VMs loosing network connectivity for a few minutes on a daily basis

mabi
Hello,

I am testing VMM/VMD on OpenBSD 6.4 with OpenBSD 6.4 virtual machines but noticed that maybe around 2 times per day the VM loose their network connectivity for a short amount of time of around 2-3 minutes. I currently have 3 OpenBSD VM with very light load on them and it happens to all of them.

The network connectivity recovers on its own or if I login through the console to the VM and initiate for example a ping to the outside. The host/hypervisor itself never looses connectivity.

Now I presume there is either an issue with my network setup or maybe a bug but I would rather think it has to do with my network setup. My network setup on the OpenBSD host itself consists of two physical network devices (bnx0 + bnx1) which I have bundled in a trunk (trunk0) in failover mode. Then on top of my trunk I have two VLAN interfaces (vlan2 and vlan6). vlan2 is my private network and vlan6 is my public facing network (internet). Then finally I have a bridge interface (bridge6) with my vlan6 interface inside where my VM connect to as they are directly available on the internet.

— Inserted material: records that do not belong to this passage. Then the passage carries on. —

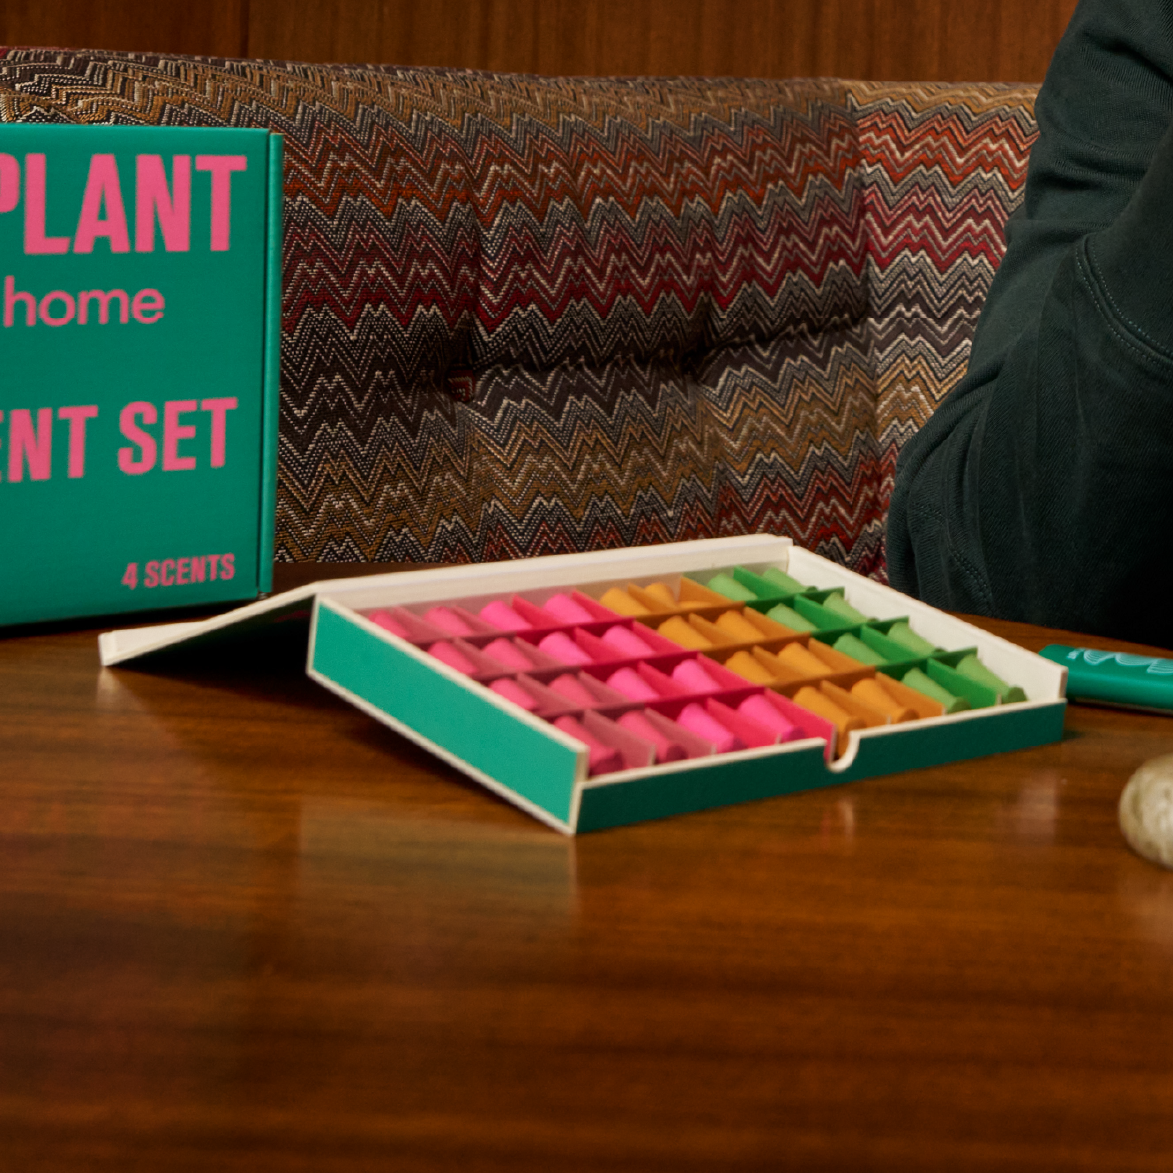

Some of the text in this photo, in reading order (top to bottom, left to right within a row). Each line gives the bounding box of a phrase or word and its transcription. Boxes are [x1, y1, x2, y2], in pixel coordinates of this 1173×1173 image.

[4, 276, 165, 327] home
[0, 397, 238, 483] NT SET
[122, 553, 235, 590] 4 SCENTS
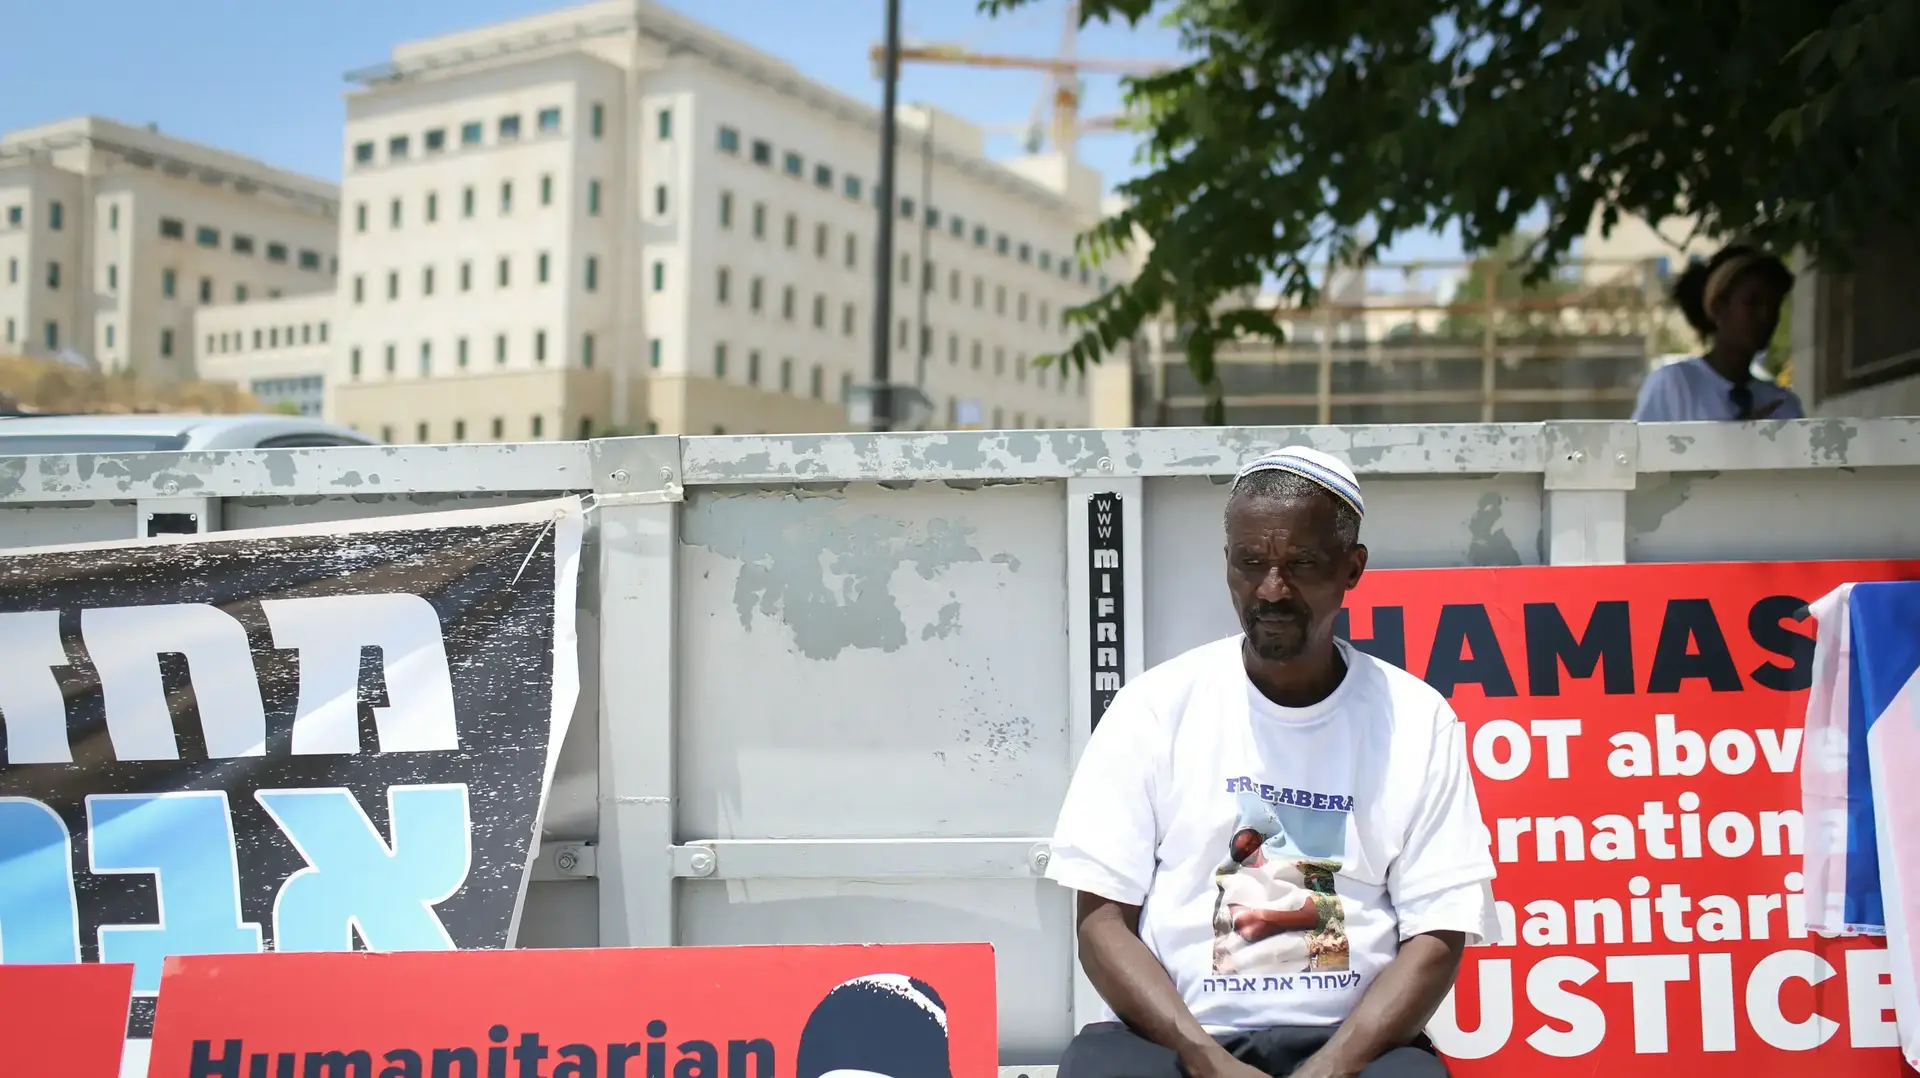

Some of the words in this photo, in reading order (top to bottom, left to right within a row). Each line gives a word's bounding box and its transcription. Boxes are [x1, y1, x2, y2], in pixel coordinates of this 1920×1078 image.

[1456, 718, 1582, 781] OT
[1226, 776, 1275, 800] FRE
[1279, 787, 1354, 812] ABERA
[1483, 791, 1846, 863] rnation
[1203, 978, 1256, 992] אברה
[1262, 976, 1293, 991] את
[1300, 971, 1361, 989] לשחרר
[1425, 949, 1901, 1060] USTICE
[189, 1019, 776, 1078] Humanitarian

So the whole chain of network interfaces from host to VM looks like this:

[bnx0+bnx1]-[trunk0]-[vlan6]-[bridge6]-[tap0]-[vio0]

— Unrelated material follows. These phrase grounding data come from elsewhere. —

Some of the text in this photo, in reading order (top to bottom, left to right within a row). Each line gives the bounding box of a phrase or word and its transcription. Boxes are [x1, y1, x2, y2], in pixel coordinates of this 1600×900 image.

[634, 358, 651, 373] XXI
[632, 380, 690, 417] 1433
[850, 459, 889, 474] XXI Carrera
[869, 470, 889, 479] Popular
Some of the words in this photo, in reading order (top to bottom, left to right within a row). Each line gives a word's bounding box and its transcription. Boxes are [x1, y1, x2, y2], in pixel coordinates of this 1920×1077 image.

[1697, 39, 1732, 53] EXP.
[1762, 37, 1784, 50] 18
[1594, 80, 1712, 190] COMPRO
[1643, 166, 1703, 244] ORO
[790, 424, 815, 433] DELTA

My /etc/vm.conf looks like this:

switch "uplink_vlan6" {
        interface bridge6
}

vm "obsd1vm" {
        memory 2G
        disk "/var/vmm/obsd1vm.qcow2"

        interface {
                switch "uplink_vlan6"
                lladdr fe:e1:bb:03:01:01
        }
}

My /etc/hostname.* files look like this:

/etc/hostname.bnx0
up

/etc/hostname.bnx1
up

/etc/hostname.trunk0
trunkproto failover trunkport bnx0 trunkport bnx1 up

/etc/hostname.vlan2
 inet 192.168.1.56 255.255.255.0 192.168.1.255 vnetid 2 parent trunk0 description "private" up

/etc/hostname.vlan6
inet xxx.xxx.xxx.xxx 255.255.255.0 xxx.xxx.xxx.255 vnetid 6 parent trunk0 description "public" up

/etc/hostname.bridge6
add vlan6
up

The hardware switch behind the host is a Cisco switch and the two ports connected to the two hardware NICS of the server have both the following config:

interface Eth101/1/9
  switchport mode trunk
  switchport trunk native vlan 99
  switchport trunk allowed vlan 2,6


Finally below is the output of ifconfig:

bnx0: flags=8b43<UP,BROADCAST,RUNNING,PROMISC,ALLMULTI,SIMPLEX,MULTICAST> mtu 1500
        lladdr ---REMOVED---
        index 3 priority 0 llprio 3
        trunk: trunkdev trunk0
        media: Ethernet autoselect (1000baseT full-duplex,rxpause)
        status: active
bnx1: flags=8b43<UP,BROADCAST,RUNNING,PROMISC,ALLMULTI,SIMPLEX,MULTICAST> mtu 1500
        lladdr ---REMOVED---
        index 4 priority 0 llprio 3
        trunk: trunkdev trunk0
        media: Ethernet autoselect (1000baseT full-duplex,rxpause)
        status: active
bridge6: flags=41<UP,RUNNING>
        description: switch1-uplink_vlan6
        index 5 llprio 3
        groups: bridge
        priority 32768 hellotime 2 fwddelay 15 maxage 20 holdcnt 6 proto rstp
        vlan6 flags=3<LEARNING,DISCOVER>
                port 8 ifpriority 0 ifcost 0
        tap0 flags=3<LEARNING,DISCOVER>
                port 10 ifpriority 0 ifcost 0
trunk0: flags=8943<UP,BROADCAST,RUNNING,PROMISC,SIMPLEX,MULTICAST> mtu 1500
        lladdr ---REMOVED---
        index 6 priority 0 llprio 3
        trunk: trunkproto failover
                trunkport bnx1
                trunkport bnx0 master,active
        groups: trunk
        media: Ethernet autoselect
        status: active
vlan2:  flags=8843<UP,BROADCAST,RUNNING,SIMPLEX,MULTICAST> mtu 1500
        lladdr ---REMOVED---
        description: private
        index 7 priority 0 llprio 3
        encap: vnetid 2 parent trunk0
        groups: vlan egress
        media: Ethernet autoselect
        status: active
        inet 192.168.1.56 netmask 0xffffff00 broadcast 192.168.1.255
vlan6: flags=8943<UP,BROADCAST,RUNNING,PROMISC,SIMPLEX,MULTICAST> mtu 1500
        lladdr ---REMOVED---
        description: public
        index 8 priority 0 llprio 3
        encap: vnetid 6 parent trunk0
        groups: vlan
        media: Ethernet autoselect
        status: active
        inet ---REMOVED--- netmask 0xffffff00 broadcast ---REMOVED---
pflog0: flags=141<UP,RUNNING,PROMISC> mtu 33136
        index 9 priority 0 llprio 3
        groups: pflog
tap0: flags=8943<UP,BROADCAST,RUNNING,PROMISC,SIMPLEX,MULTICAST> mtu 1500
        lladdr fe:e1:ba:d0:56:1c
        description: vm1-if0-obsd1vm
        index 10 priority 0 llprio 3
        groups: tap
        status: active

Last note, the host and VMs are all patched up to 013_unveil.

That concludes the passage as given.